● Work item
Leaving out every image, restate all the records word for word.

== Segment start ==

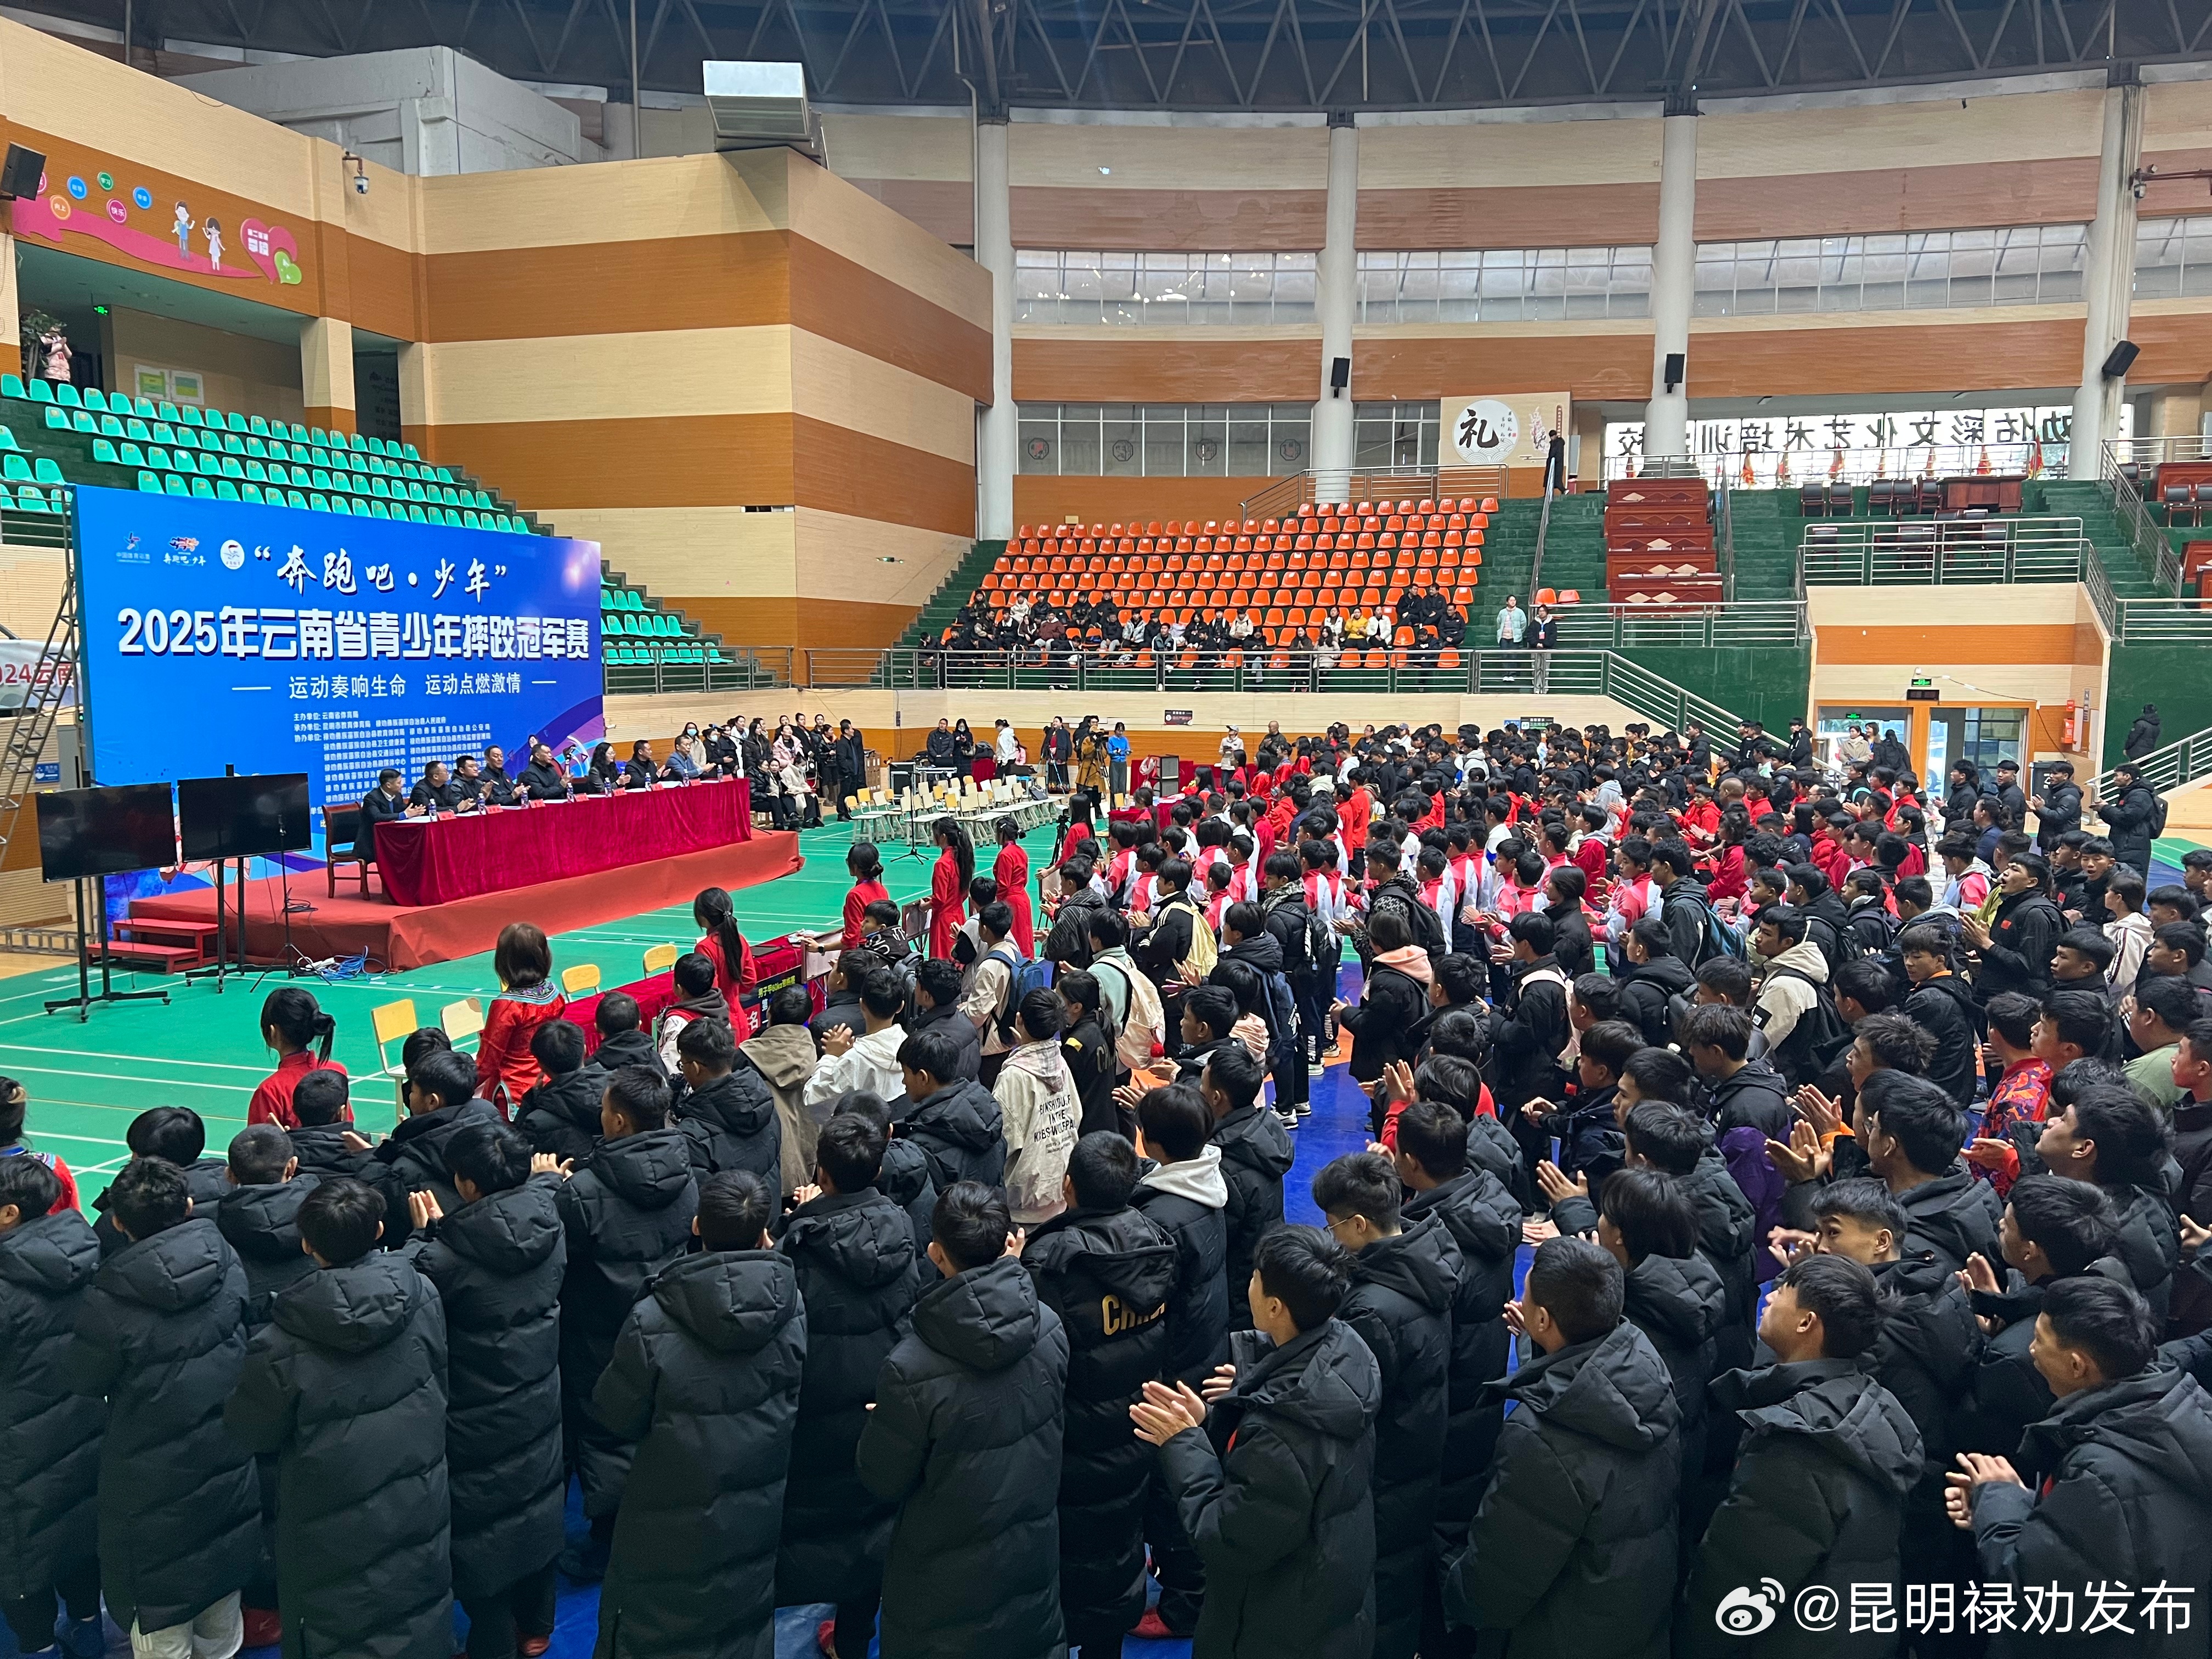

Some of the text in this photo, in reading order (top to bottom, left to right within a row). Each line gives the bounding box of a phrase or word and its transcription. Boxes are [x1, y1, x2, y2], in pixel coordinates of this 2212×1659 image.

[111, 207, 125, 217] 快乐
[1459, 408, 1499, 449] 礼
[117, 605, 590, 659] 2025年云南省青少年摔跤冠军赛
[289, 672, 521, 699] 运动奏响生命 运动点燃激情
[1307, 1035, 1316, 1062] CHINA
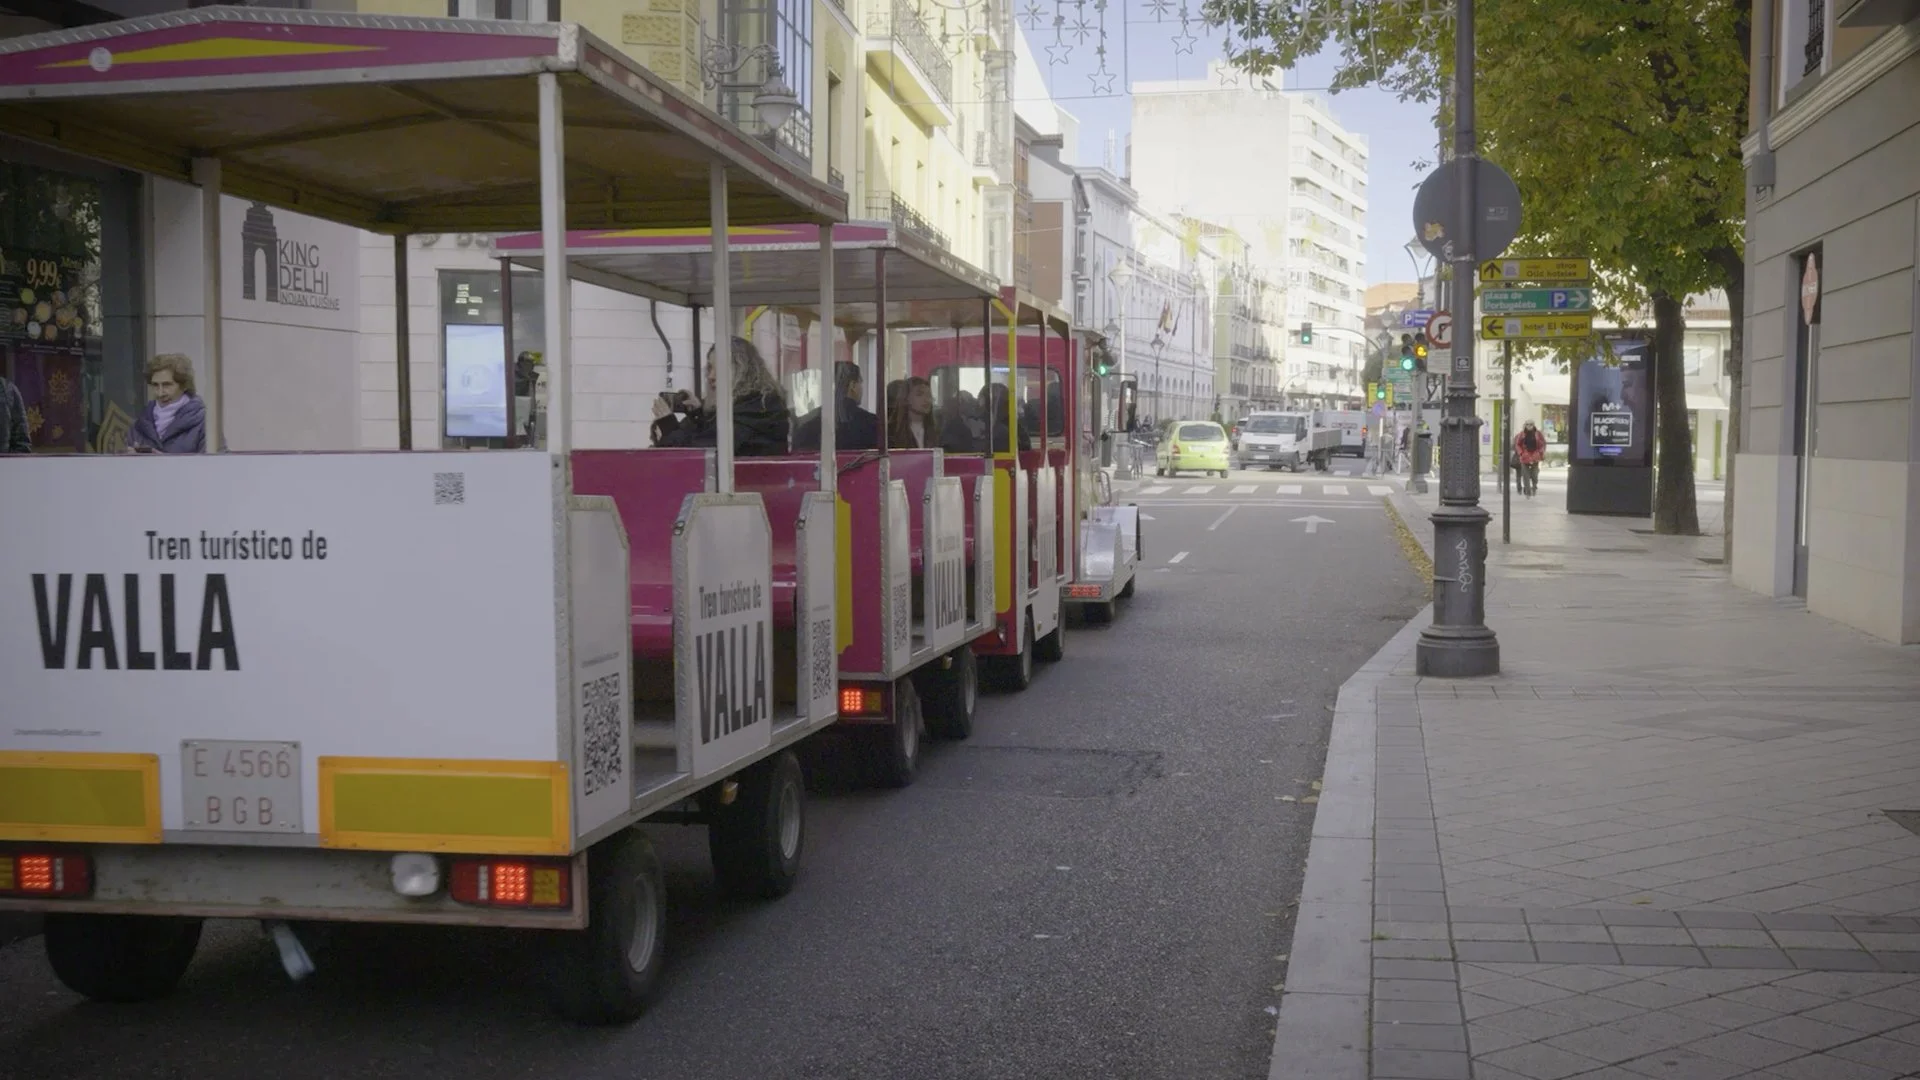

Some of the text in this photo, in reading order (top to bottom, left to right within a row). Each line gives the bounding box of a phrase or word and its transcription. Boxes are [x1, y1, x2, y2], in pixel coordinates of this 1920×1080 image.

== Segment end ==

● Solution to the exercise
Some of the text in this photo, in reading order (top to bottom, left to right within a row). Each line gives the bounding box of a phrase or word and its transcription. Boxes are [x1, y1, x2, y2], in pixel coordinates of this 2212×1659 image.

[111, 207, 125, 217] 快乐
[1459, 408, 1499, 449] 礼
[117, 605, 590, 659] 2025年云南省青少年摔跤冠军赛
[289, 672, 521, 699] 运动奏响生命 运动点燃激情
[1307, 1035, 1316, 1062] CHINA

Some of the text in this photo, in reading order (top to bottom, left to right within a row). Each line gives the bounding box of a phrase or word and its transcription. Boxes are [x1, y1, x2, y2], in pixel coordinates of this 1920×1080 image.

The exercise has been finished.